An exact reproduction of the data below is expected, free of images.

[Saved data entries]
★ ★ ★

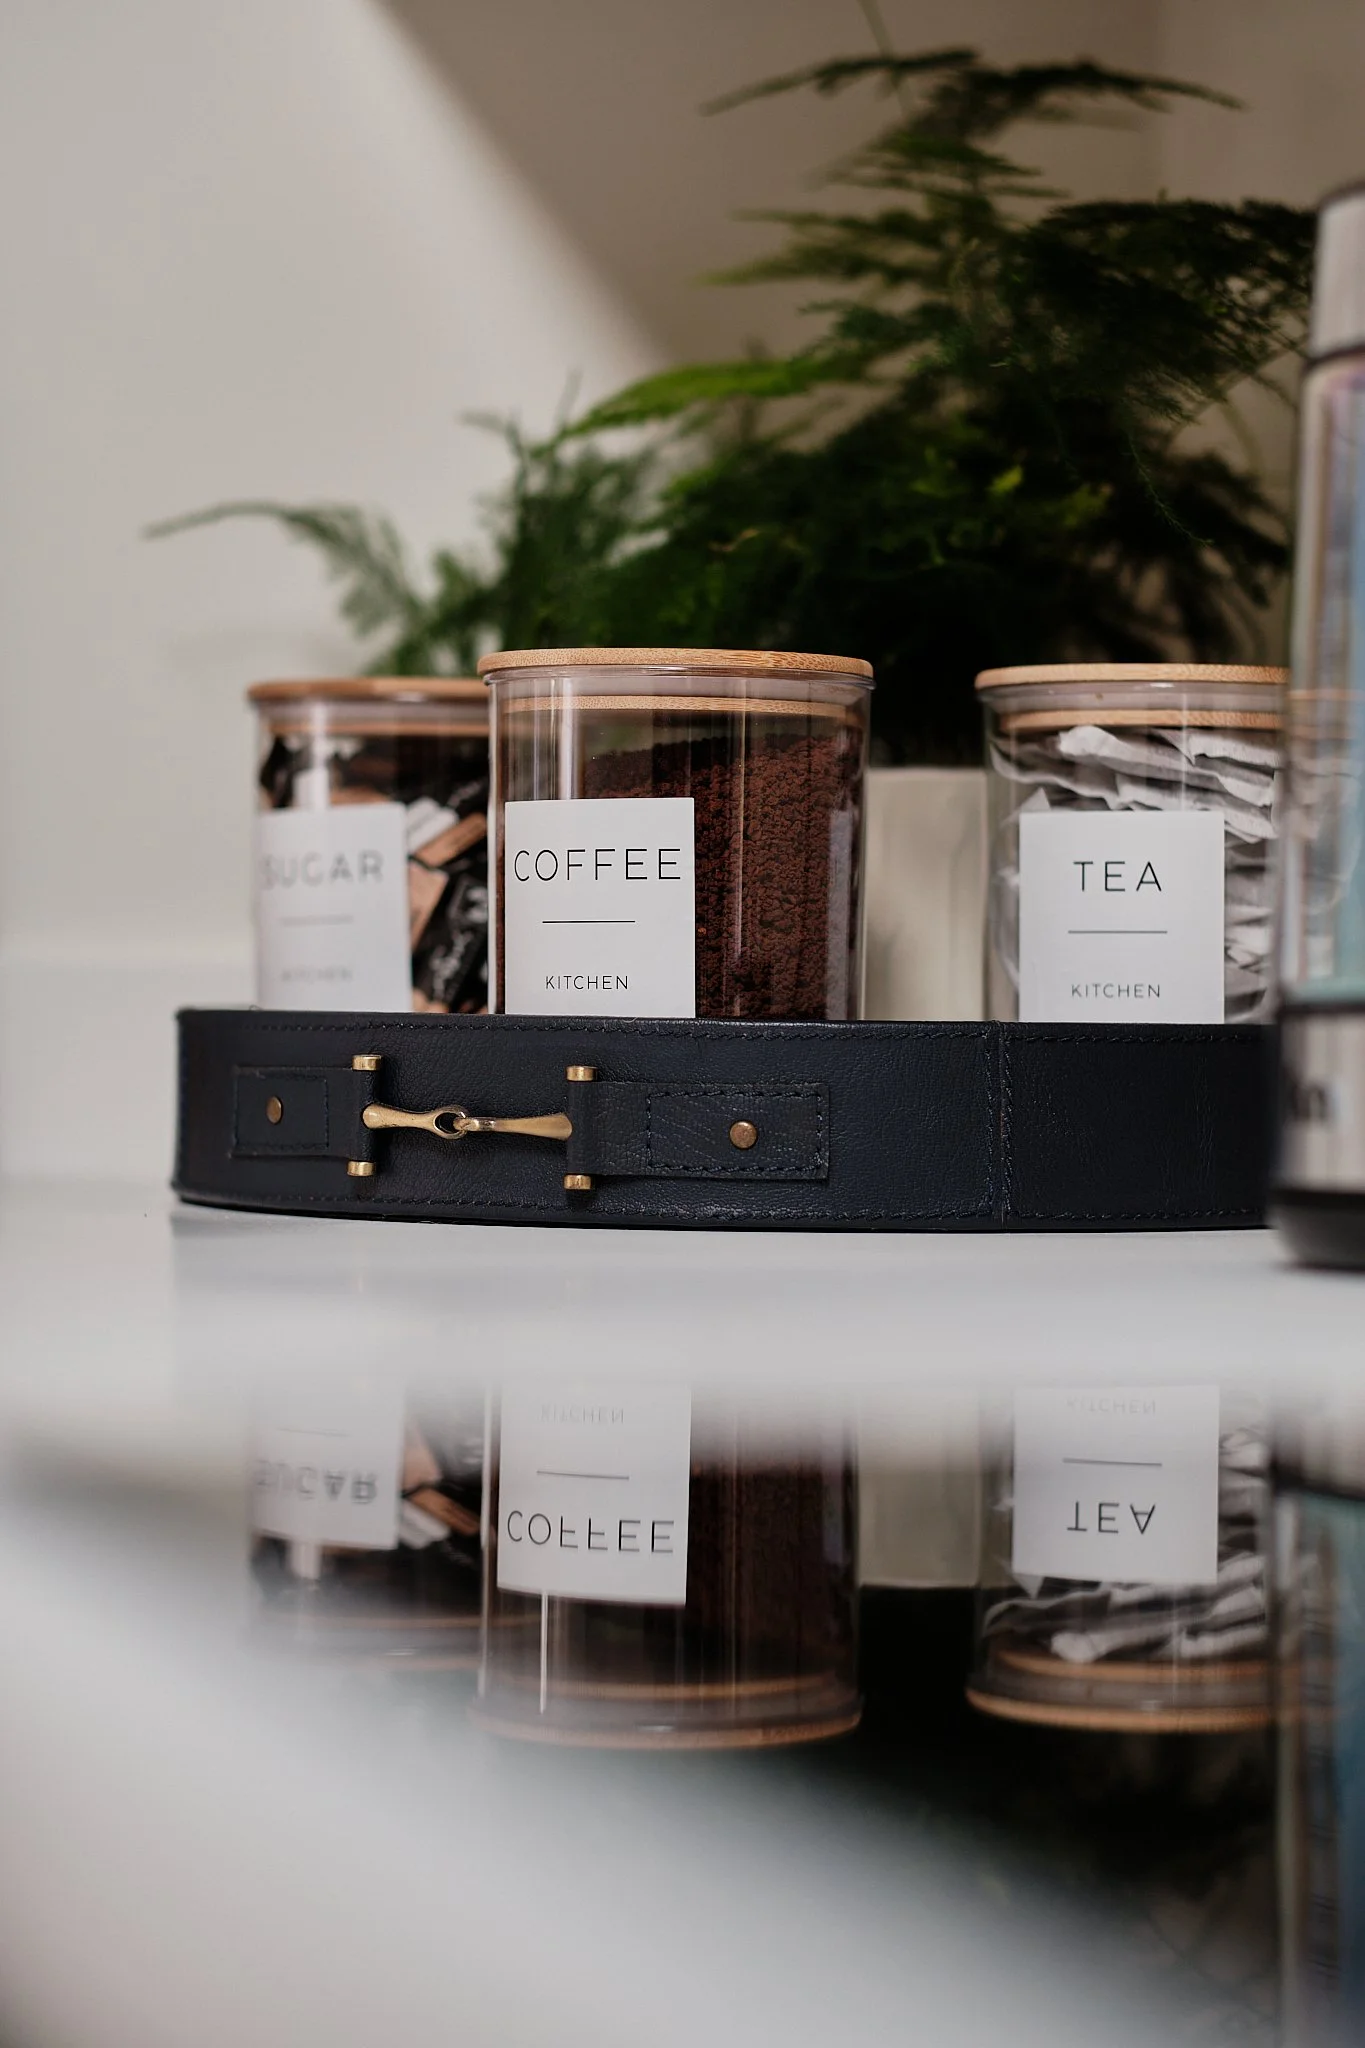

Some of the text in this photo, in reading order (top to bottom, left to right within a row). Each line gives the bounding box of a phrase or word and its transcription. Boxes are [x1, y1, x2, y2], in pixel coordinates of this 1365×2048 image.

[513, 848, 682, 883] COFFEE
[1073, 860, 1163, 892] TEA
[545, 974, 630, 991] KITCHEN
[1071, 983, 1161, 998] KITCHEN
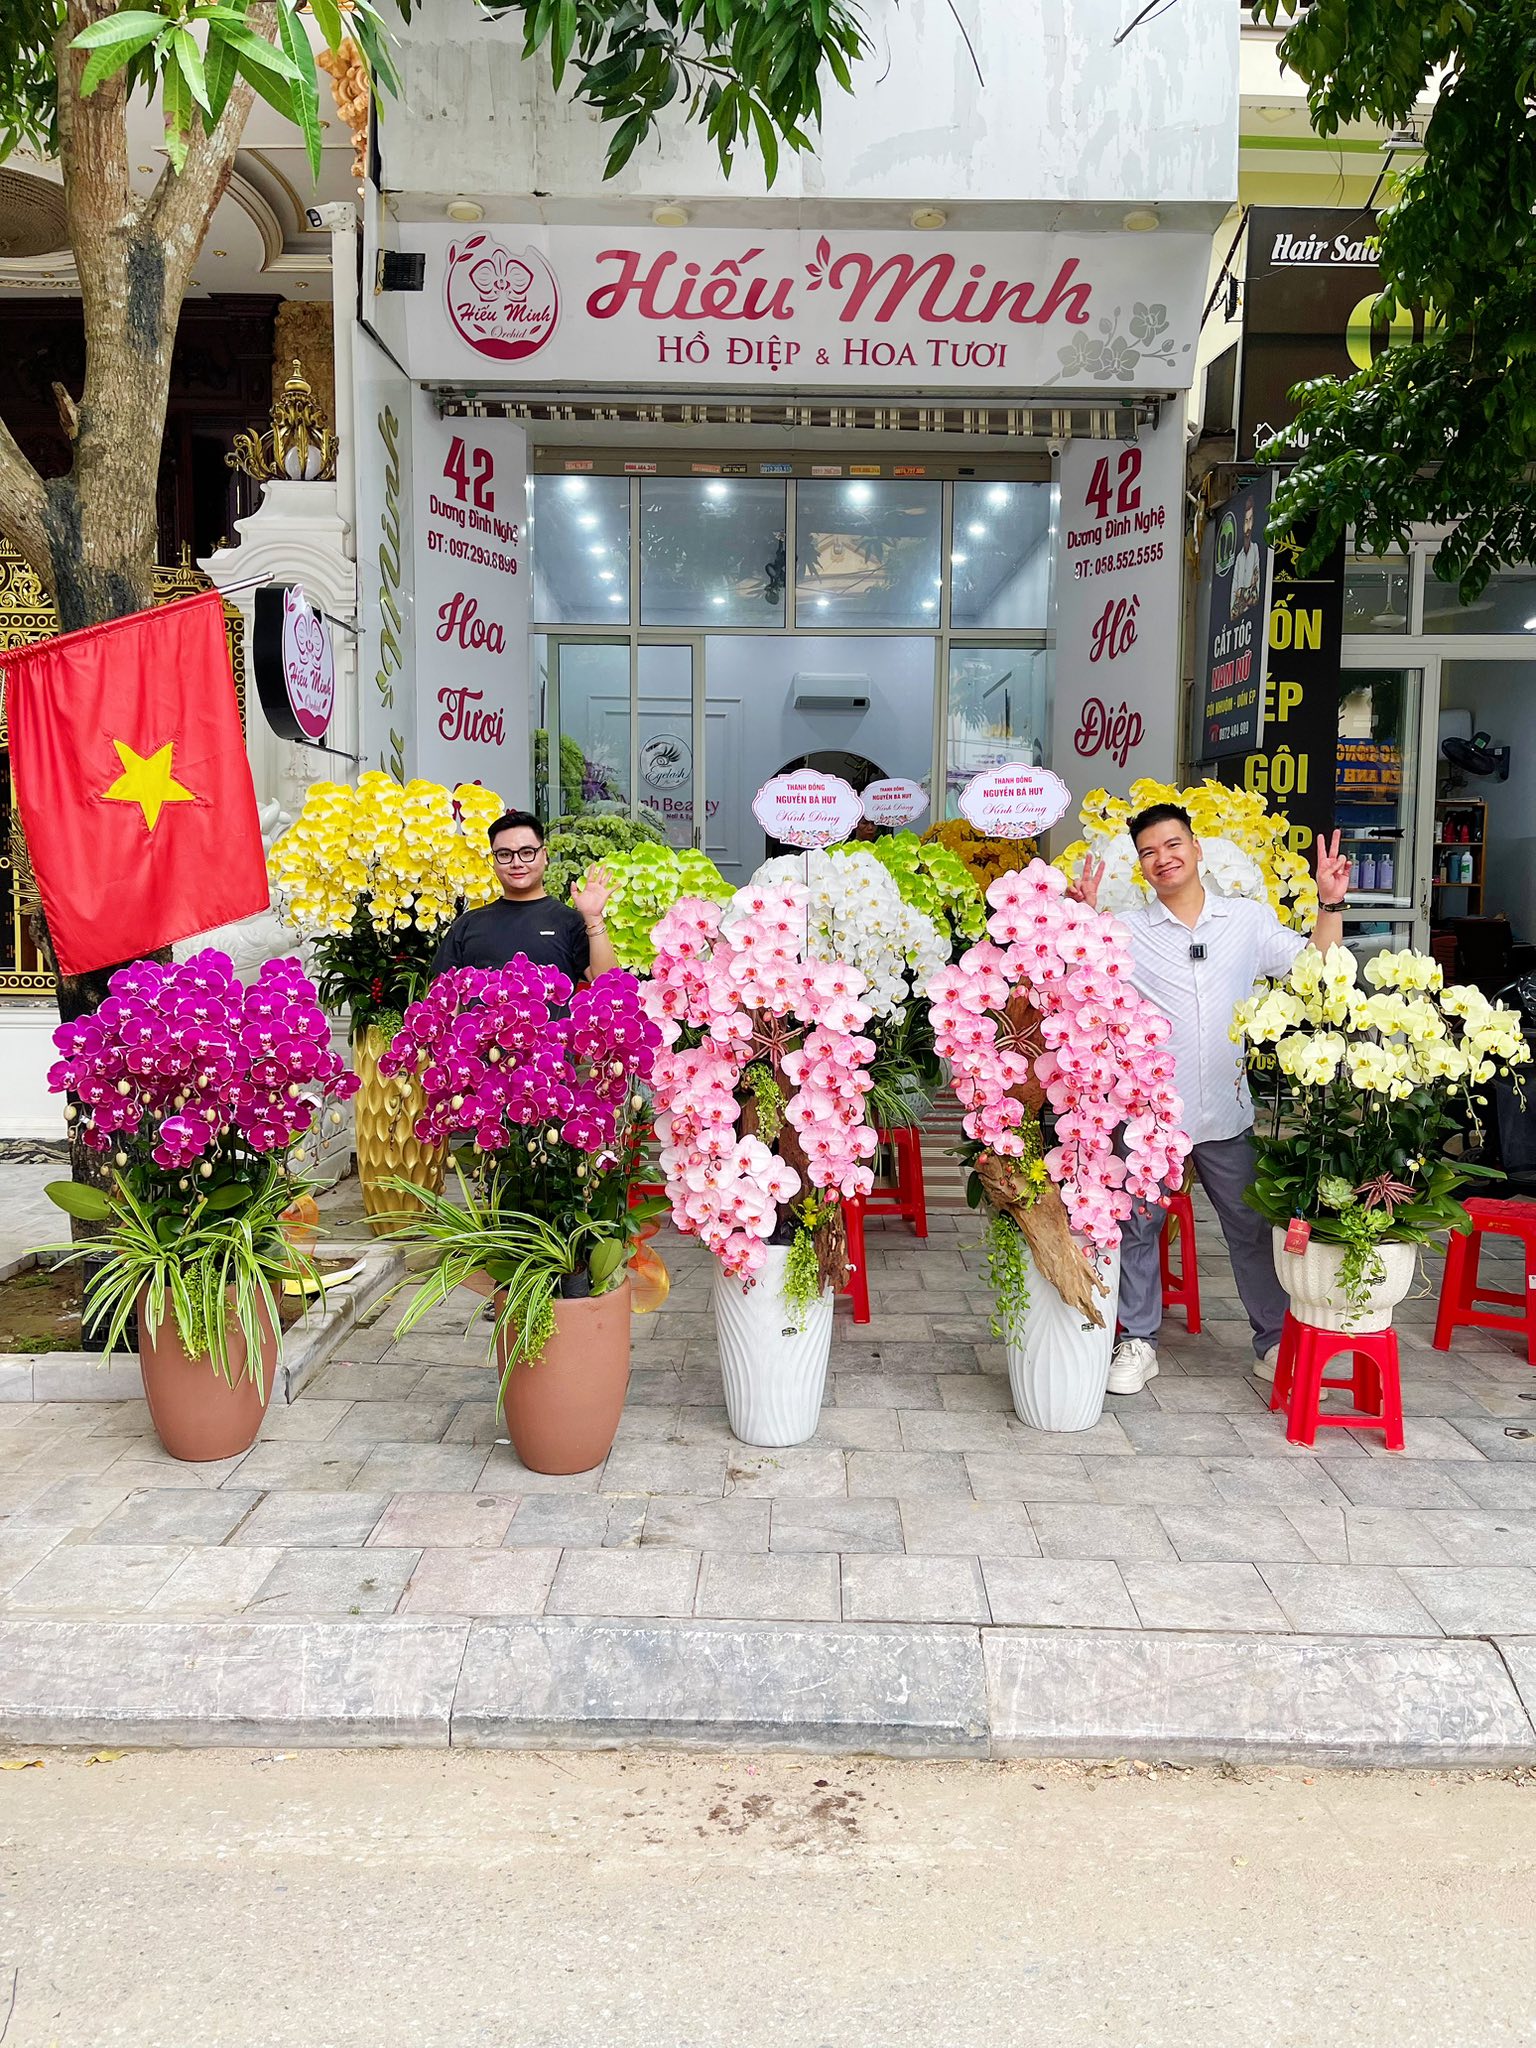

★ ★ ★

→ **Response below**
Some of the text in this photo, in reading order (top to bottom, left to right within a row). Each line gives the bounding box of a phrase or word and its transcription. Boxes are [x1, y1, x2, y2], in pixel coordinates of this 1365×2048 image.

[513, 848, 682, 883] COFFEE
[1073, 860, 1163, 892] TEA
[545, 974, 630, 991] KITCHEN
[1071, 983, 1161, 998] KITCHEN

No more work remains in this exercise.